Are you ready for international trade?

Here are a few thoughts to use and assess whether your company is ready for international trade.

  • Do you have a Euro or any other currency price list? If so, what coverage on exchange have you built into these product costs? It is unlikely you will sell into Europe without a euro offer, and you have to sell to the US in dollars except in exceptional circumstances.
  • Are there any safety standards in the target market which would apply to your products? Are they compliant with them? What is the cost impact of making them compliant?
  • Do you have a multilingual manual? One simple example of something that took time at Pacific Direct was the six language ‘how to mount’ manual for the dispenser system we sold to hold larger bottles of hand wash. This was very time consuming, and therefore costly.
  • Respect other cultures. Our ability to make friends all over the world through the seventeen different languages that team Pacific could converse in was critical.

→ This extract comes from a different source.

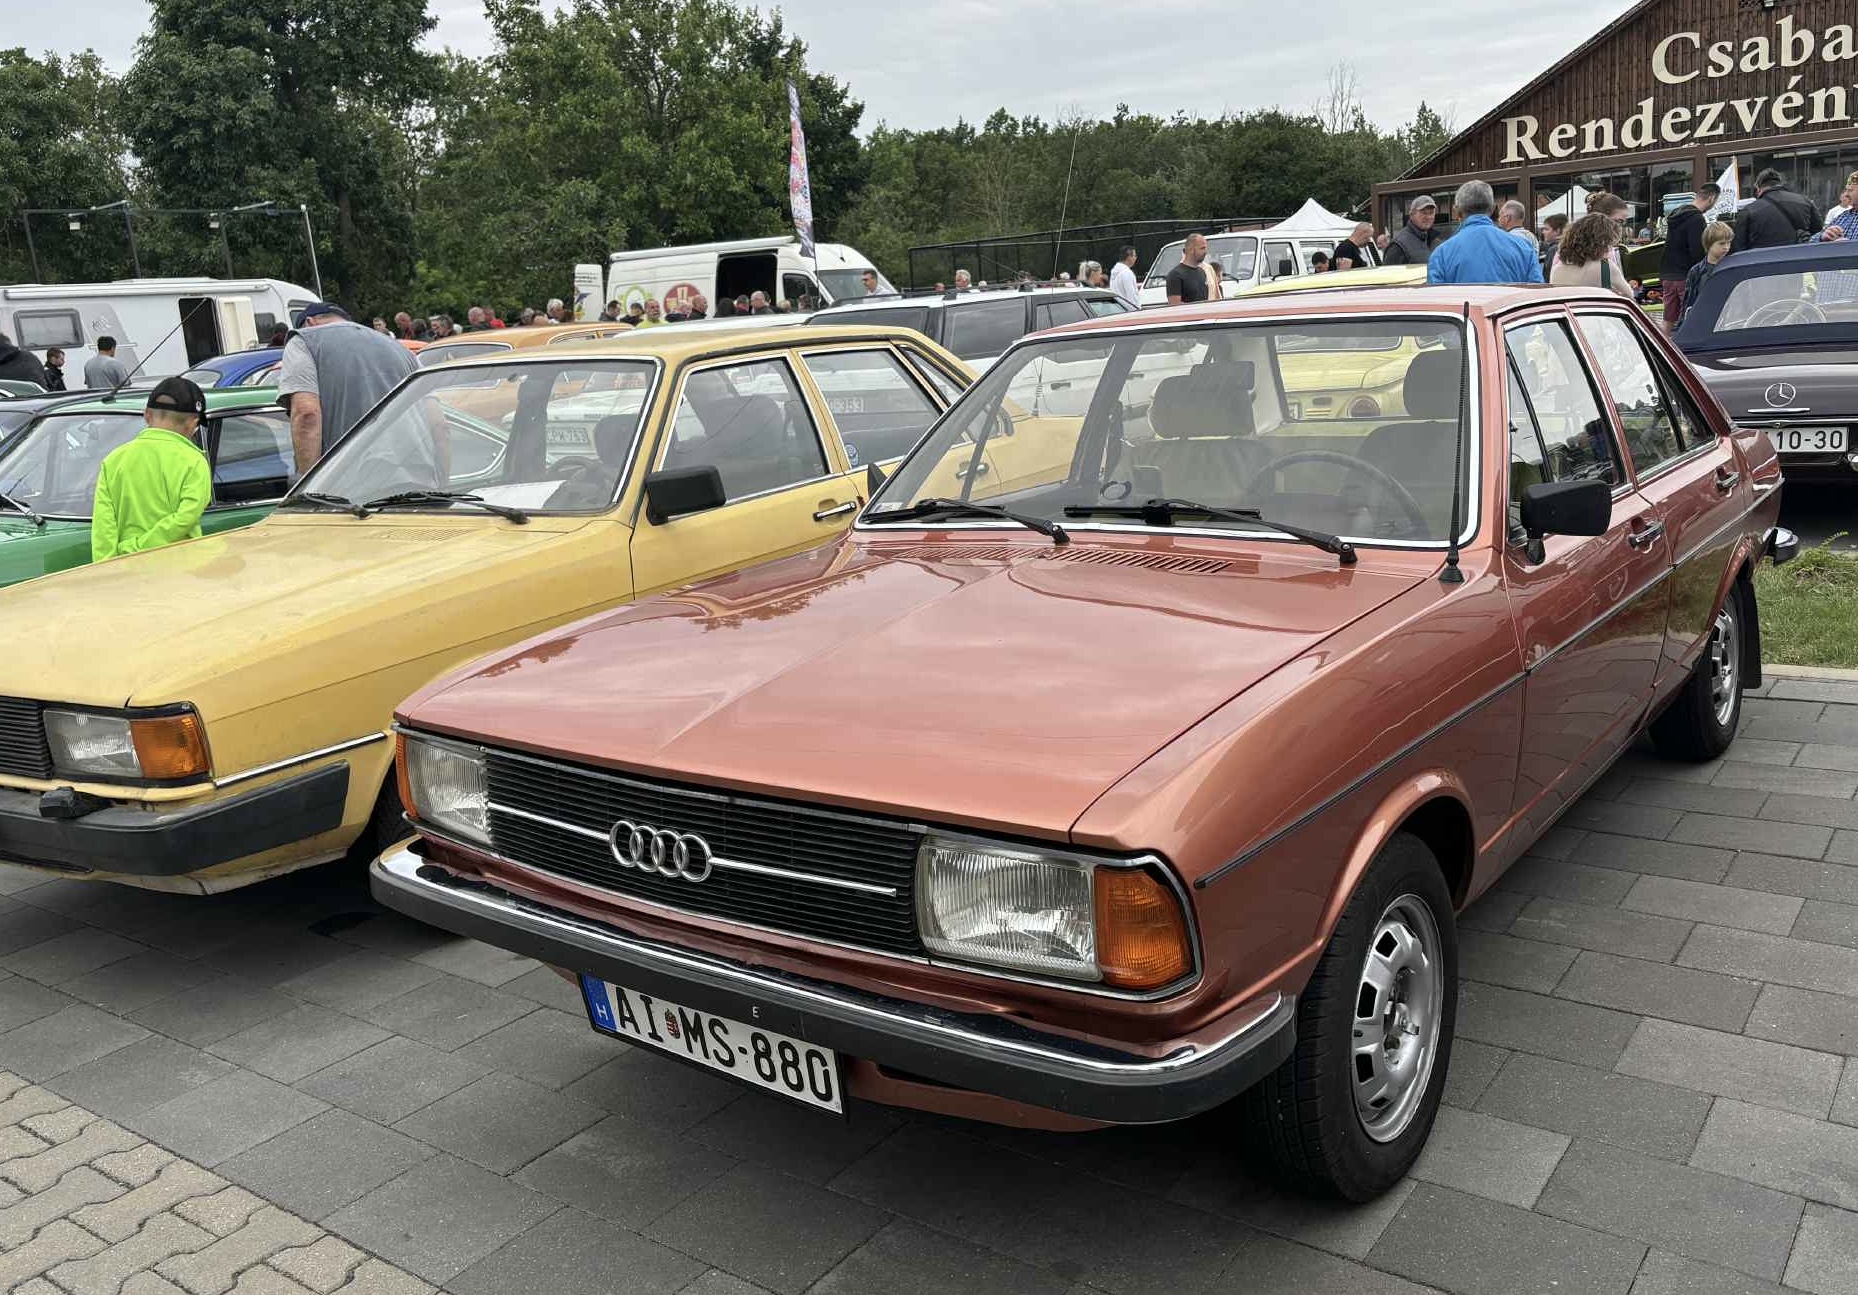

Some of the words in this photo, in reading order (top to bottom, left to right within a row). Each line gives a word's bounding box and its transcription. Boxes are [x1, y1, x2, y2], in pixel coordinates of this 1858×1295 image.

[1500, 75, 1858, 163] Rendezvén
[596, 1003, 608, 1020] H
[616, 987, 663, 1042] AI
[678, 1006, 833, 1102] MS-880
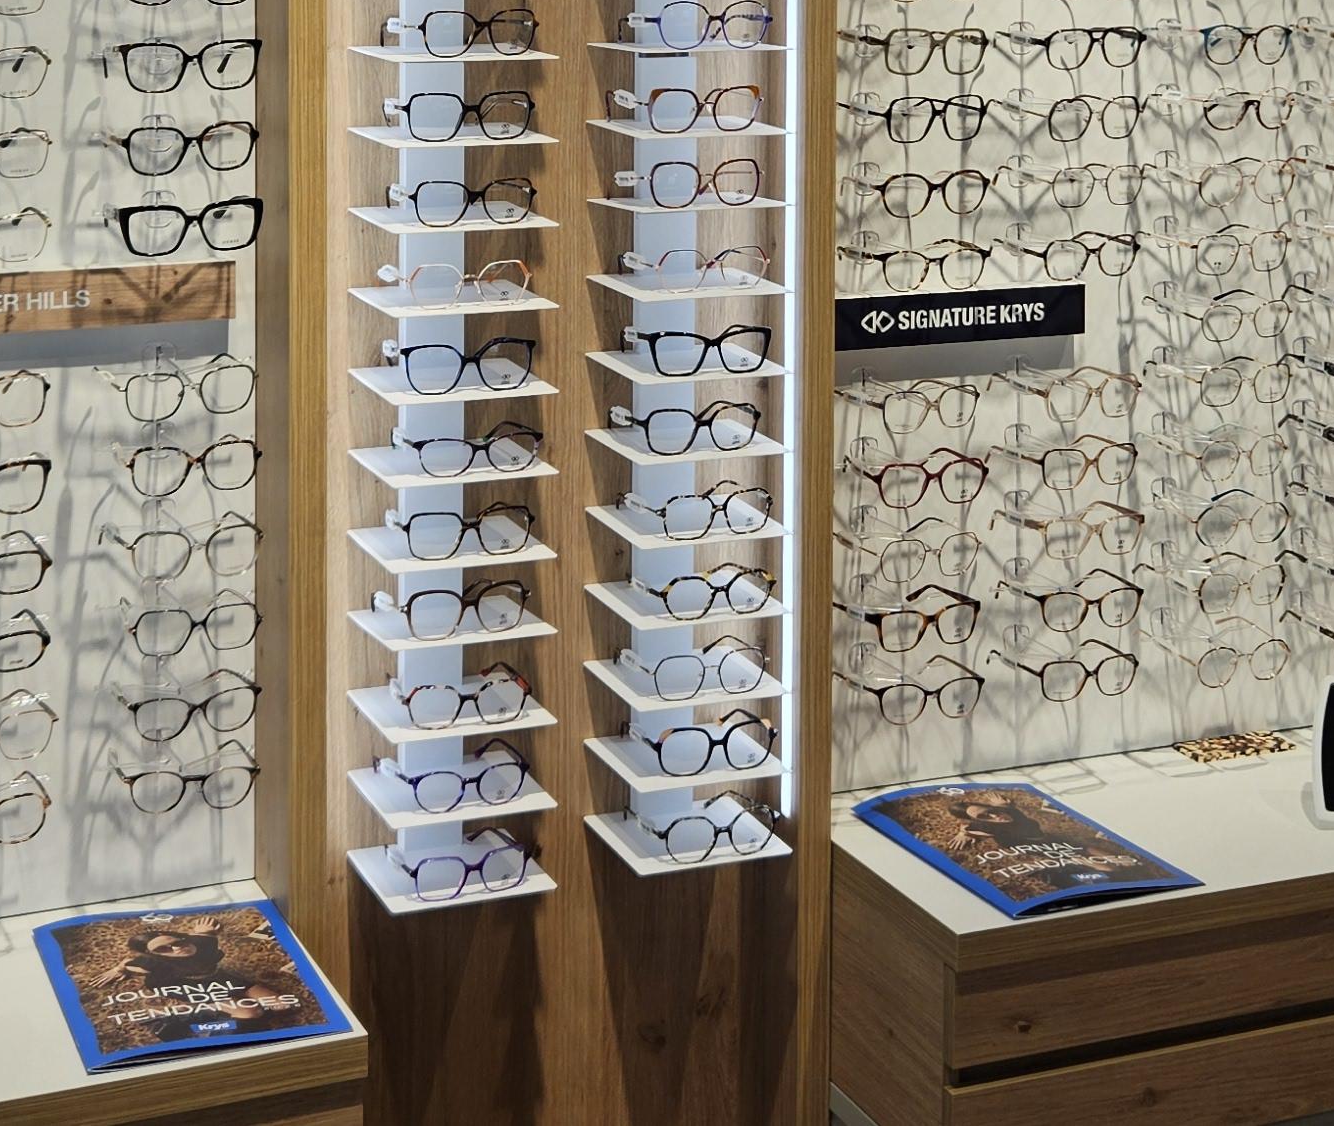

  • Minimise the feel of a physical difference between you and a client abroad. We would be flexible with working hours for those staff involved in ‘other markets’. If they found that being in the UK office later than normal allowed them to make better phone contact with hotels in a time-zone behind ours, then they worked later hours (actually people at Pacific worked many hours and this was a huge reason for our success). The value of sometimes making the right call at the right time of day can be the difference between success and failure in international growth. If your new market is awake during the middle of the night, are you?